THE TASK: Word for word, write the records out again, but omit each picture.
== RECORDED INFORMATION ==
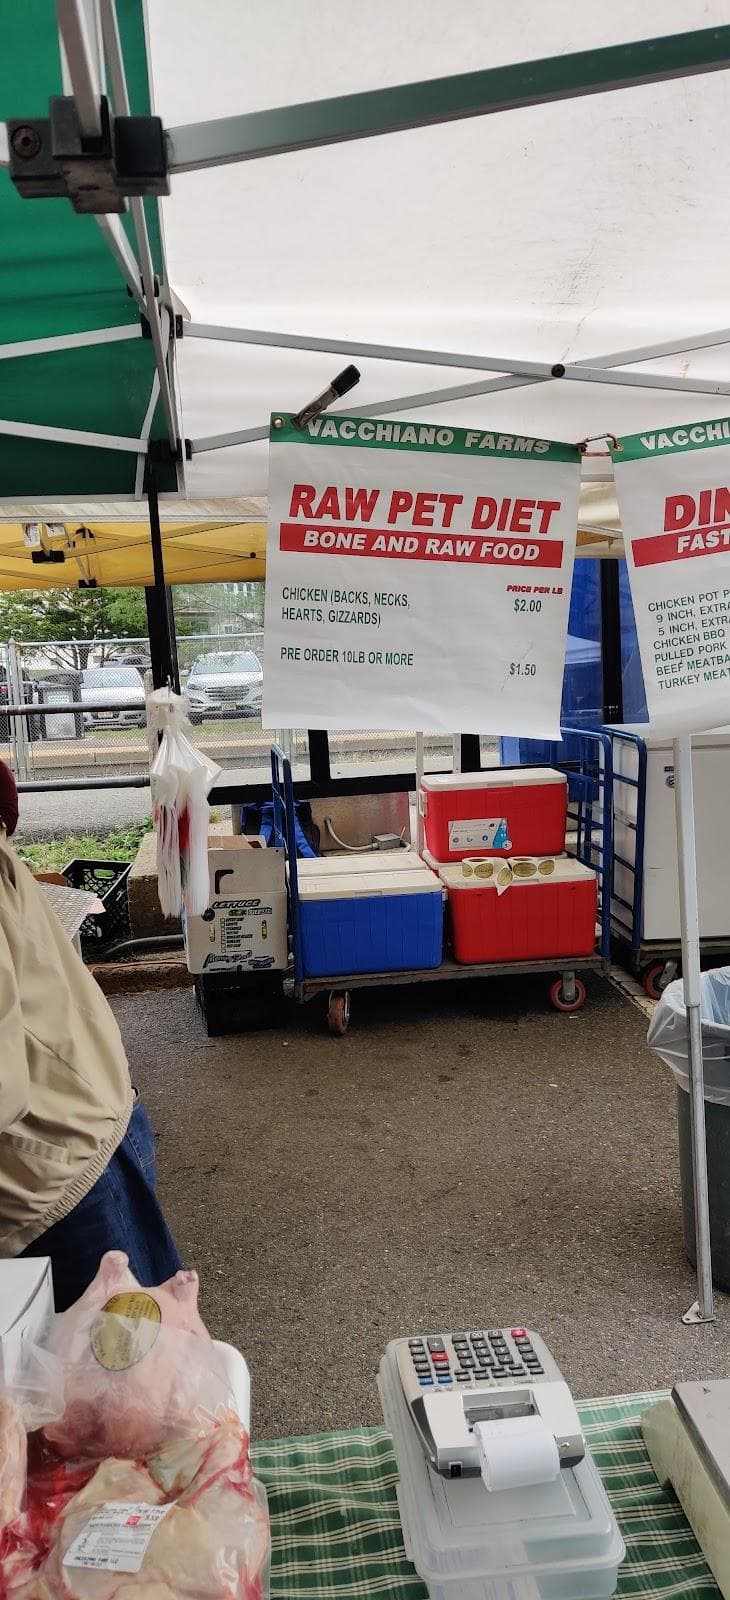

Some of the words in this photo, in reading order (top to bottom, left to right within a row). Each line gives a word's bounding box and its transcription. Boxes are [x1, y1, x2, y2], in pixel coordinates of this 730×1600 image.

[305, 420, 454, 446] VACCHIANO
[464, 432, 551, 453] FARMS
[289, 484, 380, 522] RAW
[387, 490, 464, 527] PET
[471, 496, 561, 533] DIET
[304, 530, 365, 550] BONE
[372, 535, 418, 553] AND
[425, 538, 475, 556] RAW
[480, 542, 540, 561] FOOD
[282, 587, 328, 602] CHICKEN
[330, 590, 371, 606] (BACKS,
[374, 592, 410, 609] NECKS,
[507, 585, 532, 593] PRICE
[534, 586, 550, 594] PER
[552, 587, 563, 595] LB
[514, 598, 542, 613] $2.00
[648, 595, 695, 612] CHICKEN
[699, 590, 719, 603] POT
[282, 607, 325, 624] HEARTS,
[328, 610, 381, 629] GIZZARDS)
[656, 614, 663, 623] 9
[667, 609, 696, 621] INCH,
[658, 627, 665, 636] 5
[701, 615, 730, 628] EXTR
[653, 633, 700, 650] CHICKEN
[703, 629, 725, 641] BBQ
[280, 647, 301, 660] PRE
[303, 648, 339, 663] ORDER
[342, 650, 365, 664] 10LB
[368, 652, 383, 664] OR
[385, 652, 414, 666] MORE
[654, 648, 694, 663] PULLED
[698, 641, 727, 654] PORK
[509, 662, 536, 676] $1.50
[656, 662, 684, 676] BEEF
[658, 674, 700, 690] TURKEY
[212, 899, 260, 909] LETTUCE
===
TASK RESPONSE:
Some of the words in this photo, in reading order (top to bottom, left to right within a row). Each line gives a word's bounding box and its transcription. Boxes are [x1, y1, x2, y2], in pixel coordinates of this 730×1600 image.

[305, 420, 454, 446] VACCHIANO
[464, 432, 551, 453] FARMS
[289, 484, 380, 522] RAW
[387, 490, 464, 527] PET
[471, 496, 561, 533] DIET
[304, 530, 365, 550] BONE
[372, 535, 418, 553] AND
[425, 538, 475, 556] RAW
[480, 542, 540, 561] FOOD
[282, 587, 328, 602] CHICKEN
[330, 590, 371, 606] (BACKS,
[374, 592, 410, 609] NECKS,
[507, 585, 532, 593] PRICE
[534, 586, 550, 594] PER
[552, 587, 563, 595] LB
[514, 598, 542, 613] $2.00
[648, 595, 695, 612] CHICKEN
[699, 590, 719, 603] POT
[282, 607, 325, 624] HEARTS,
[328, 610, 381, 629] GIZZARDS)
[656, 614, 663, 623] 9
[667, 609, 696, 621] INCH,
[658, 627, 665, 636] 5
[701, 615, 730, 628] EXTR
[653, 633, 700, 650] CHICKEN
[703, 629, 725, 641] BBQ
[280, 647, 301, 660] PRE
[303, 648, 339, 663] ORDER
[342, 650, 365, 664] 10LB
[368, 652, 383, 664] OR
[385, 652, 414, 666] MORE
[654, 648, 694, 663] PULLED
[698, 641, 727, 654] PORK
[509, 662, 536, 676] $1.50
[656, 662, 684, 676] BEEF
[658, 674, 700, 690] TURKEY
[212, 899, 260, 909] LETTUCE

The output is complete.